I therefore undertake to prove these two things First, That poverty is a real evil; which, without any impeachment of the goodness or wisdom of Providence, the constitution of the world actually admits.

Secondly, That the providential appointment of this evil, in subservience to the general good, brings a particular obligation upon men in civilised society to concur for the immediate extinction of the evil, wherever it appears. "The poor shall never cease out of the land." And for this especial reason, because the poor shall never cease, therefore it is commanded, "That thou open thine hand wide unto thy brother; that thou surely lend him sufficient for his need, in that which he wanteth."

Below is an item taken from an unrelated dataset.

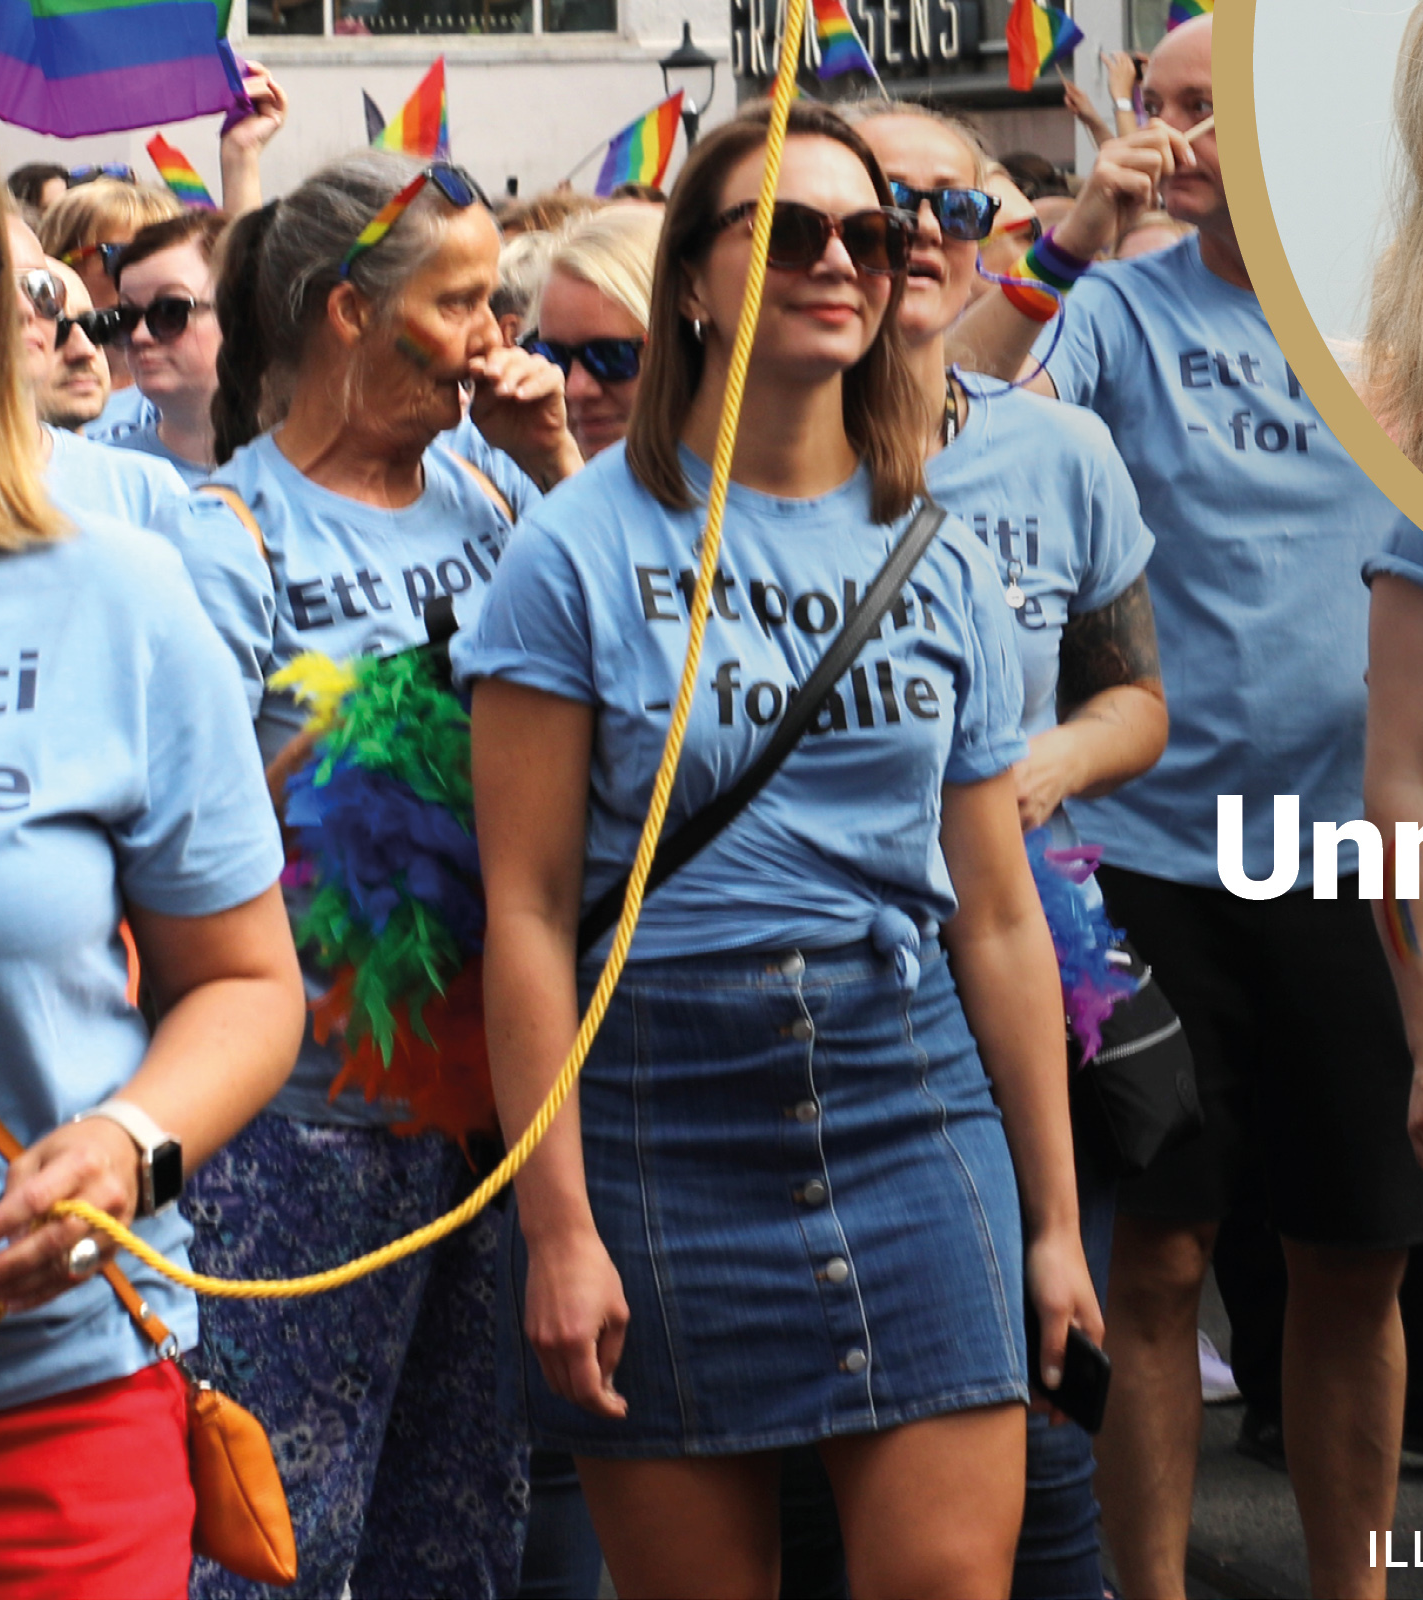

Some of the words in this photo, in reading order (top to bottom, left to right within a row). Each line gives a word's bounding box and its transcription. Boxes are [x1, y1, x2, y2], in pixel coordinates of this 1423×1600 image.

The distribution of mankind into various orders is not more essential to the being of society, than it is conducive to the public good that the fortunes of every individual in every rank should be in a considerable degree uncertain: for were things so ordered that every man's fortune should be invariably determined by the rank in which he should be born, or by

event.

the employment to which he should be bred, an Epicurean indolence, the great bane of public prosperity, would inevitably take place among all ranks of men; when industry, of all qualities of the individual the most beneficial to the community, would lose the incitement of its golden dreams; and sloth, of all the vices of the individual the most pernicious to the community, would be released from its worst apprehensions. But to be uncertain in the degree which the public weal demands, the fortunes of the individual must be governed, as we see they are, by an intricate combination of causes, of which no sagacity of human forecast may predict or avert the The consequence must be, that the individual's means of subsistence will not always correspond with other circumstances, that they will sometimes fall greatly short of what belongs to the particular sphere which upon the whole he is best qualified to fill with advantage to the community of which he is a member. This is the evil to which the name of poverty properly belongs. The man who hath food to eat and raiment to put on is not poor, because his diet is plain and his apparel homely; but he is truly poor whose means of subsistence are insufficient for his proper place in society, as determined by the general complication of his circumstances, - by his birth, his education, his bodily strength, and his mental endowments. By the means of subsistence, I understand not the means of superfluous gratifications; but that present competency which every individual must possess in order to be in a capacity to derive a support from his industry in the proper business of his calling. In every condition of life, something more is wanting to a man's support than

that he should earn by his industry, from day to day, the price of lodging, food, and raiment, for himself and for his family. The common labourer must be furnished with his mattock and his spade; the tradesman must have wherewithal to purchase the commodities from the sale of which he is to derive his livelihood in commerce, a large capital must often be expended upon the expectation of a slow and distant return of profit: those who are destined to the liberal professions are to be qualified for the part which they are to sustain in life by a long and expensive course of education; and they who are born to hereditary honours, if they succeed, as too often is the case, to estates encumbered by the misfortunes or misconduct of their ancestors, are restrained, by the decorums of their rank, from seeking a reparation of their fortunes in any mercenary occupation.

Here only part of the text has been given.